Stored records:

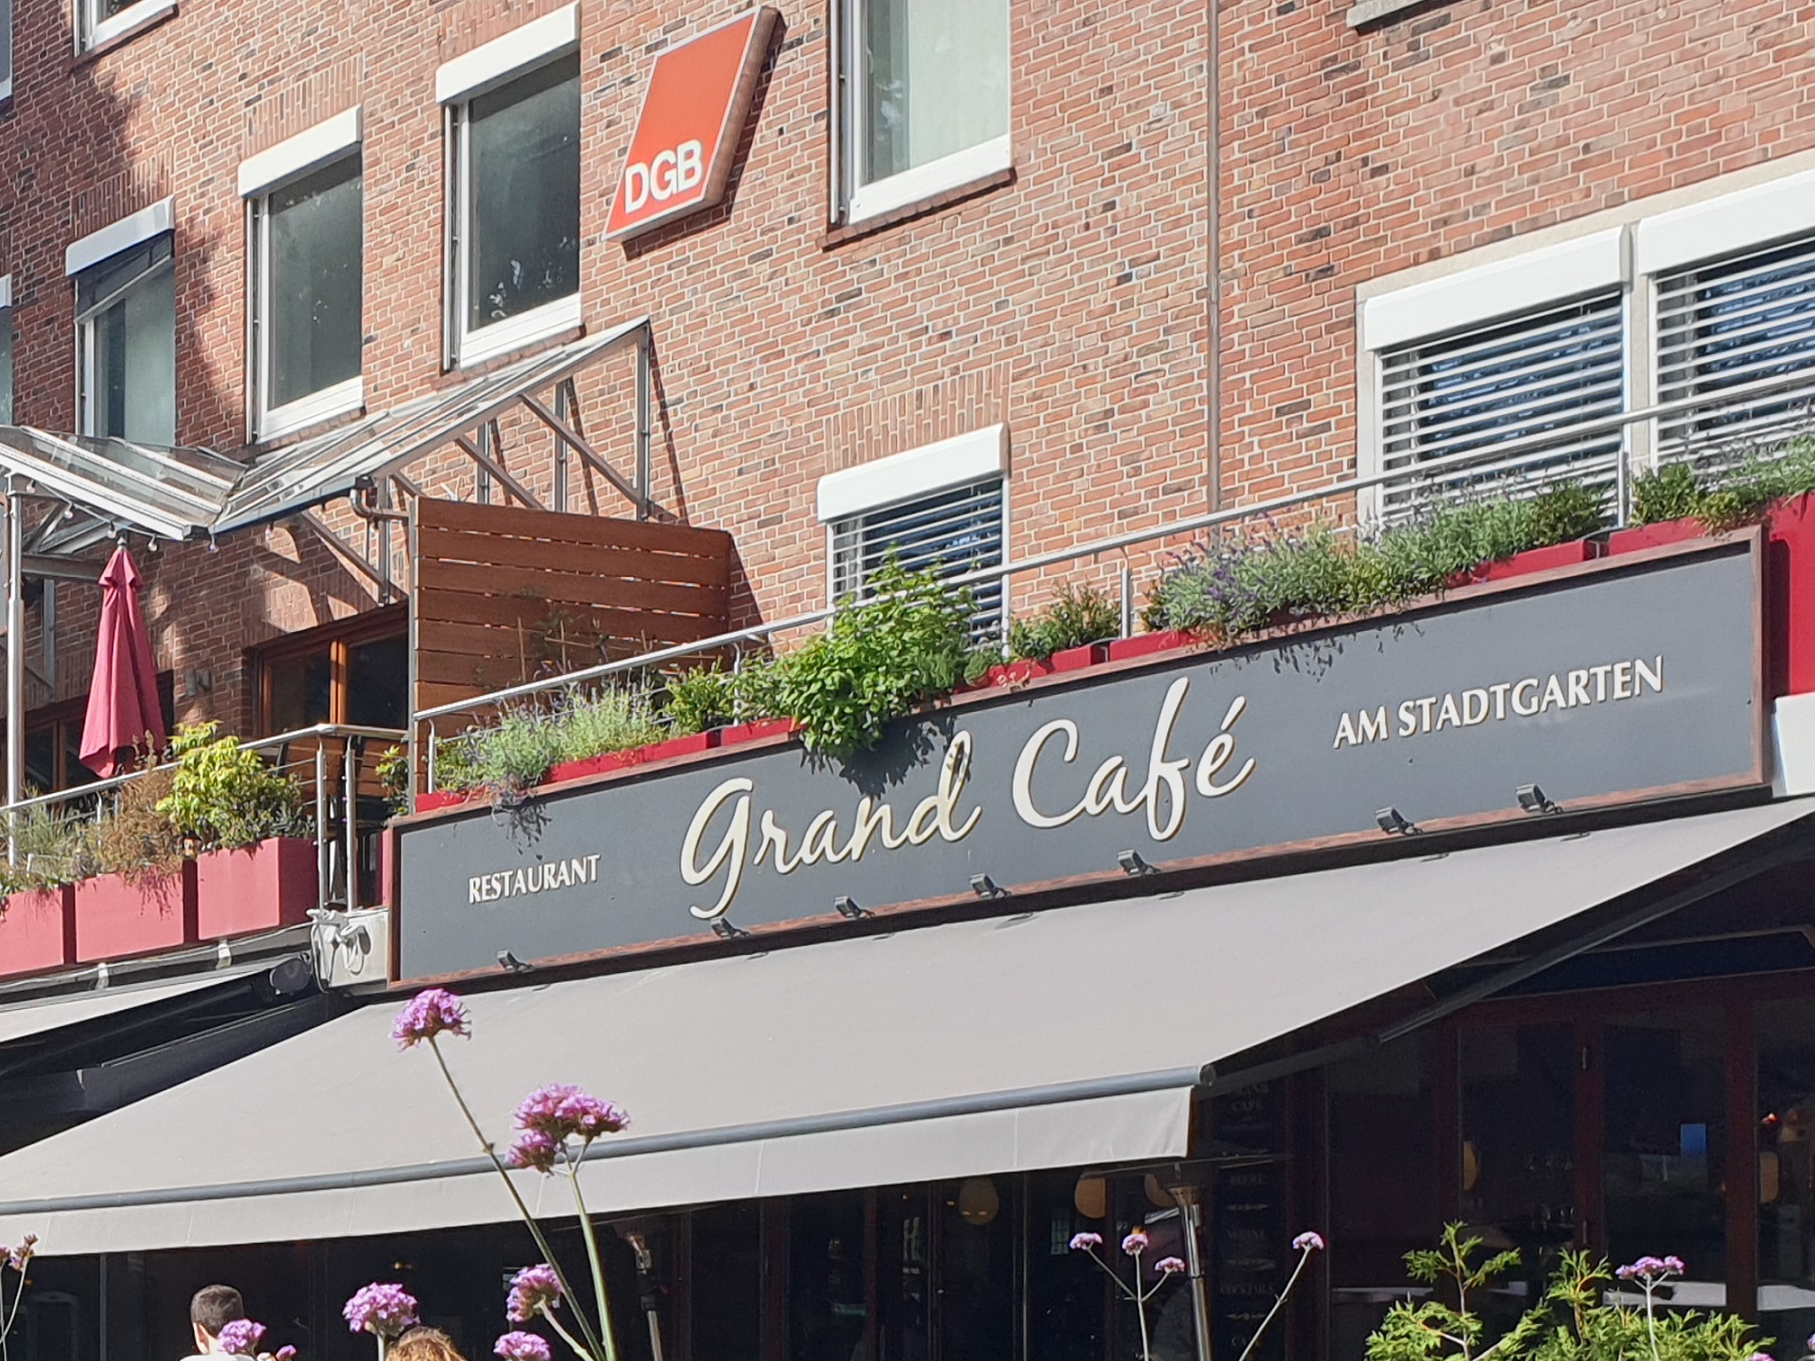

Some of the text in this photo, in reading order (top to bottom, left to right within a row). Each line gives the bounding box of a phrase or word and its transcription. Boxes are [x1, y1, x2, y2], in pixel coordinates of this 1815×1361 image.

[625, 139, 703, 214] DGB
[1332, 653, 1664, 749] AM STADTGARTEN
[680, 676, 1256, 919] Grand Café
[468, 853, 601, 905] RESTAURANT

| PROBLEM TO SOLVE |
Every record is to be reproduced exactly, with no pictures included.

| SOLUTION TO THE PROBLEM |
Some of the text in this photo, in reading order (top to bottom, left to right within a row). Each line gives the bounding box of a phrase or word and its transcription. Boxes are [x1, y1, x2, y2], in pixel coordinates of this 1815×1361 image.

[625, 139, 703, 214] DGB
[1332, 653, 1664, 749] AM STADTGARTEN
[680, 676, 1256, 919] Grand Café
[468, 853, 601, 905] RESTAURANT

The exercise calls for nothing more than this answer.